What I failed to emphasize then — perhaps because I thought it went without saying (but it certainly needs to be said today) — is that fascism is almost by definition deadly. It needs enemies on whom it can focus the steaming rage of its adherents and it is quite content for that rage to lead to literal extermination campaigns.
The creation of such enemies invariably involves a process of rhetorical dehumanization. In fascist propaganda, target groups cease to be actual people, becoming instead vermin, viruses, human garbage, communists, Marxists, terrorists, or in the case of the present attacks on LGBT people, pedophiles and groomers. As fascist movements develop, they bring underground streams of hatred into the light of “legitimate” political discourse.
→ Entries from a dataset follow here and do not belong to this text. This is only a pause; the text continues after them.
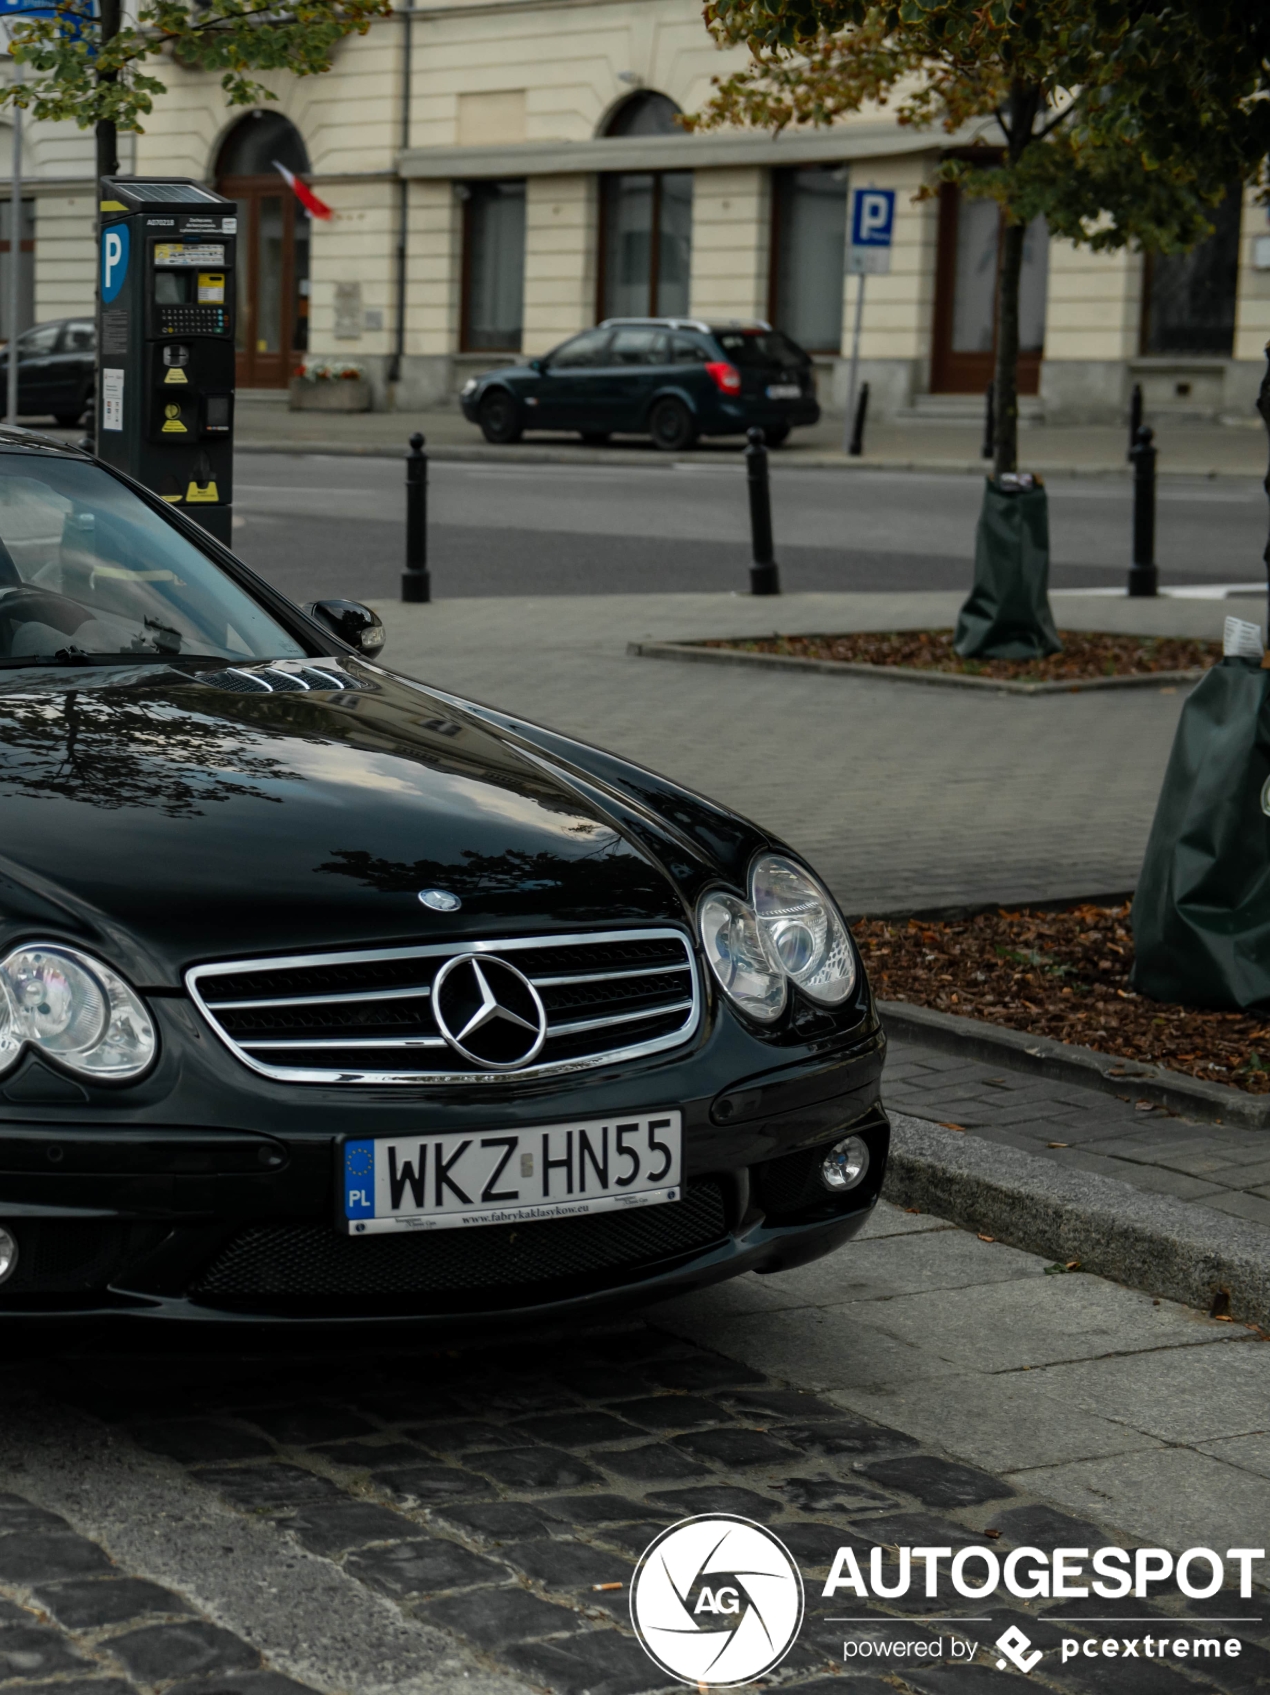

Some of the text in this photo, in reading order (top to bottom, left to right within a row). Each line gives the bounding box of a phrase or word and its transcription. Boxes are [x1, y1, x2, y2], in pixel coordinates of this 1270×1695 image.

[859, 194, 888, 240] P
[105, 233, 122, 288] P
[388, 1118, 673, 1210] WKZ HN55
[349, 1189, 371, 1207] PL
[462, 1204, 589, 1225] www.fabrykaklasykow.eu
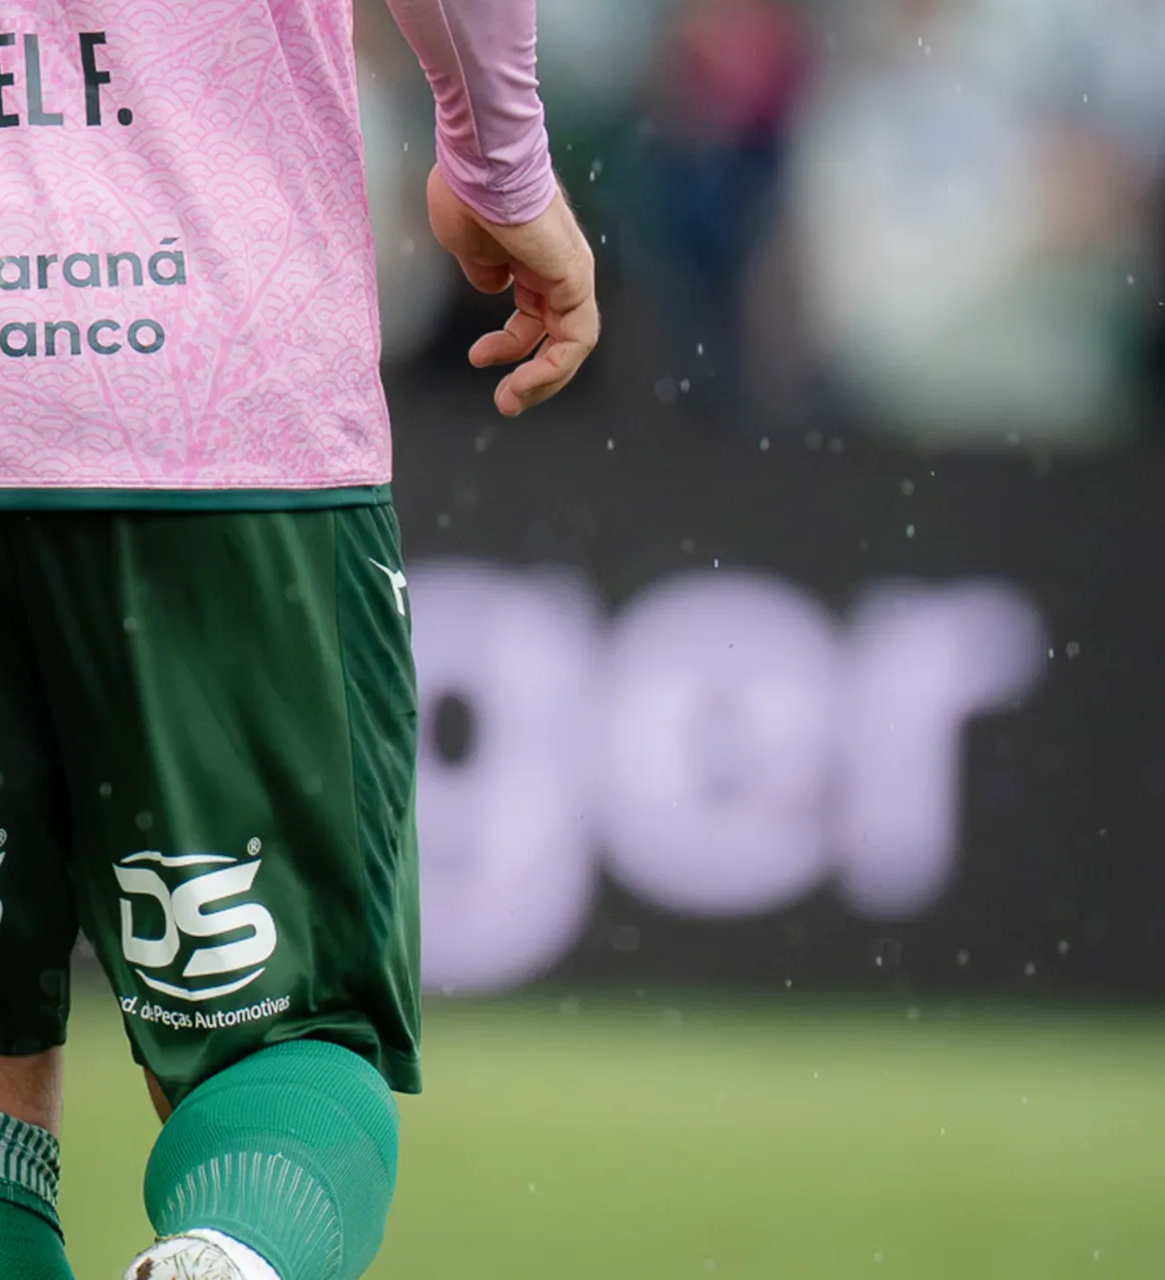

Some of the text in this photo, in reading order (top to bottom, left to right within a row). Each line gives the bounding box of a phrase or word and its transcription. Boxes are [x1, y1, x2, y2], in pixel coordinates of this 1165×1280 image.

All those decades ago, I suggested that the Christian fundamentalists represented an incipient fascist force. I think it’s fair to say that today’s Make America Great Again crew has inherited that mantle, successfully incorporating right-wing Christianity into a larger proto-fascist movement. All the elements of classic fascism now lurk there: adulation of the leader, subordination of the individual to the larger movement, an appeal to mythical past glories, a not-so-subtle embrace of white supremacy, and discomfort with anything or anyone threatening the “natural” order of men and women. You have only to watch a video of a Trump rally to see that his is a mass (even if not a majority) movement.
Why should it matter whether Donald Trump’s MAGA movement and the Republican Party he’s largely taken over represent a kind of fascism? The answer: because the logic of fascism leads so inexorably to the politics of extermination. Describing his MAGA movement as fascism makes it easier to recognize the existential threat it truly represents — not only to a democratic society but to specific groups of human beings within it.
I know it may sound alarmist, but I think it’s true: proto-fascist forces in this country have shown that they are increasingly willing to exterminate queer people, if that’s what it takes to gain and hold onto power. If I’m right, that means all Americans, queer or not, now face an existential threat.
For those who don’t happen to fall into one of MAGA’s target groups, let me close by paraphrasing Donald Trump: In the end, they’re coming after you. We’re just standing in the way.